How to avoid the callback hell when using the new core:nio?

When using the new core:nio how can I prevent the callback hell that occurred at the Javascript community? I know Odin doesn’t have a runtime like Go, so things like Goroutines are not possible. But there is anything that I could do or use to get that feeling of synchronous code that execute IO asynchronous behind the scenes like in Go?

Here’s the thing, any async IO will have stuff executing behind the scenes anyway. There’s no real way around that really.

Without a heavy runtime the choice for async io was either a result queue or callbacks.

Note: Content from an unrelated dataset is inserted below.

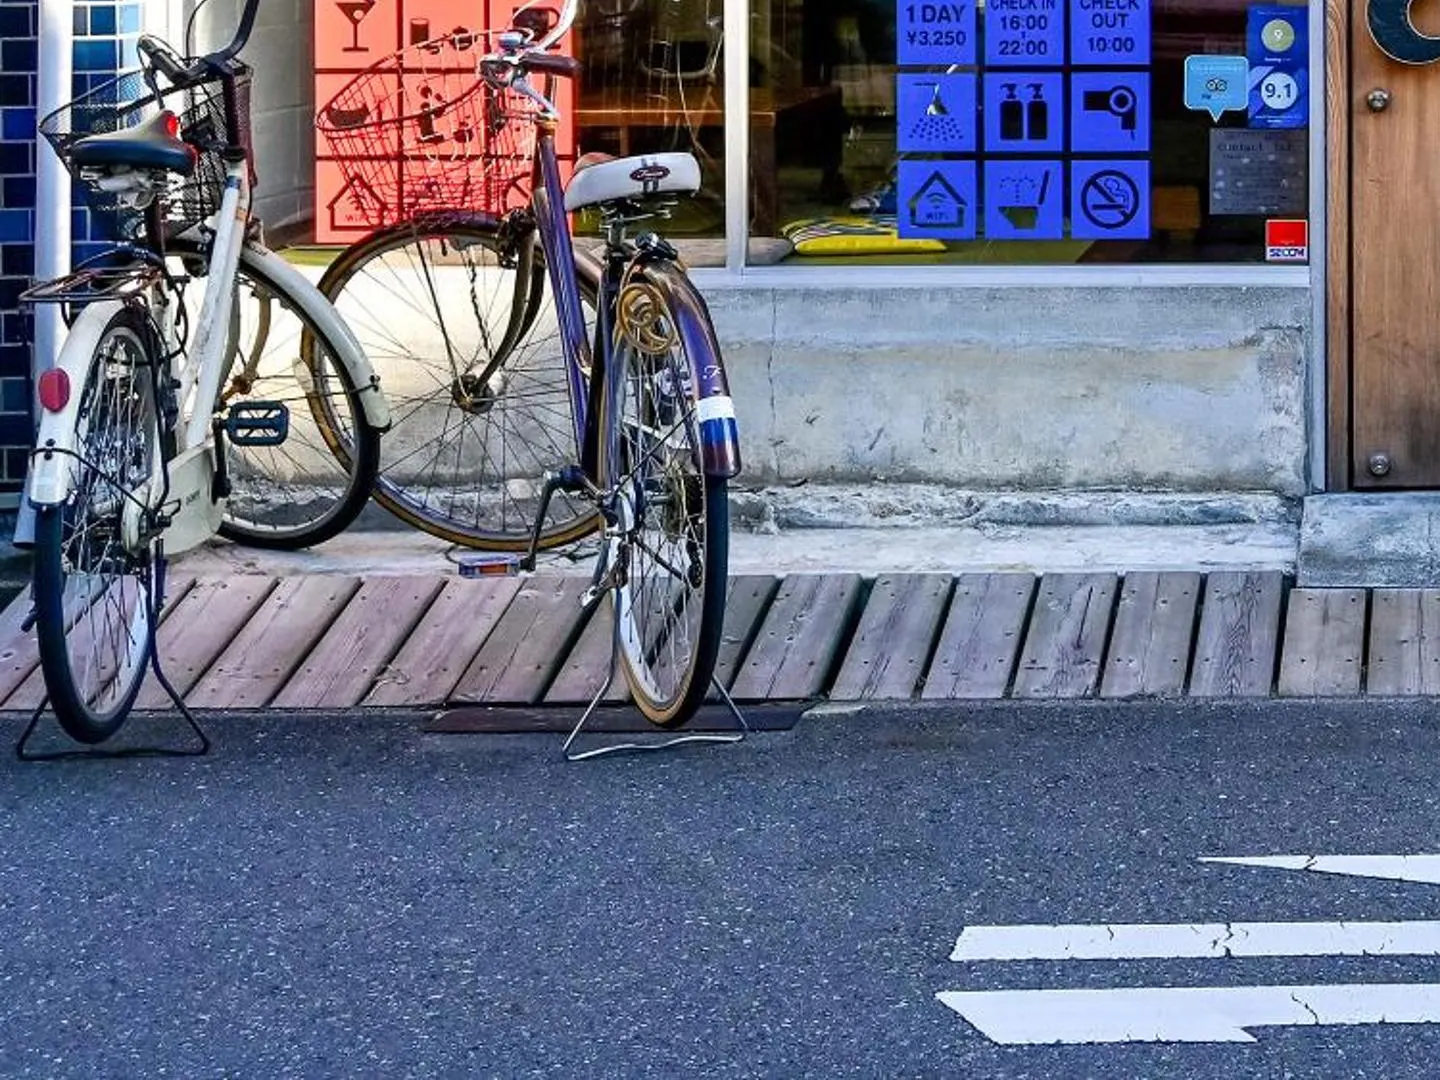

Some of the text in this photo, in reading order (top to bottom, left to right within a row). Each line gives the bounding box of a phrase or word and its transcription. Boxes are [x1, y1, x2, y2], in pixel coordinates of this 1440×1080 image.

Bill ended up picking the callback system (implemented behind the scenes by polling a queue during the tick/run/run_until function calls…).

I personally would have preferred if the queue was available. But I’m not going to be able to change his mind. Instead you can use the no callbacks example which pushes the operation results to a separate queue that you manage.

But as a style choice you can write the code as if it was async/await and then split it into functions at each of the yield points. That way it still mostly looks like sequential code.

You avoid async callback hell by doing simpler things in your callbacks and avoiding thinking in terms of sequences of async operations. If you avoid making IO calls as much as possible from your callbacks, they don’t have the chance to explode into callback hell. You can put things in a queue, mark data as available in some struct you’re checking later in your game loop, etc…

Callback hell happens in Javascript because you don’t control the event loop and all interactivity and IO happens on the event loop. It’s your only tool for doing basically anything, so naturally you’re going to have long chains of callbacks such that you really need await to make you not want to gouge out your eyes from making the code equivalent of a turducken.

I think you’re wanting something like coroutines. They’re certainly implementable using the sync primitives. That’d be a great learning project for anyone unfamiliar.

Am I missing something here? Userspace coroutines aren’t exactly an easy thing to implement, as they require being able to suspend a stack frame and resume it later. I don’t know of any way to do it that doesn’t drop down into calling-convention-aware assembly or something like longjmp to save the whole stack. And then you’re opening a whole can of worms with memory and resource cleanup since defers aren’t going to work as expected.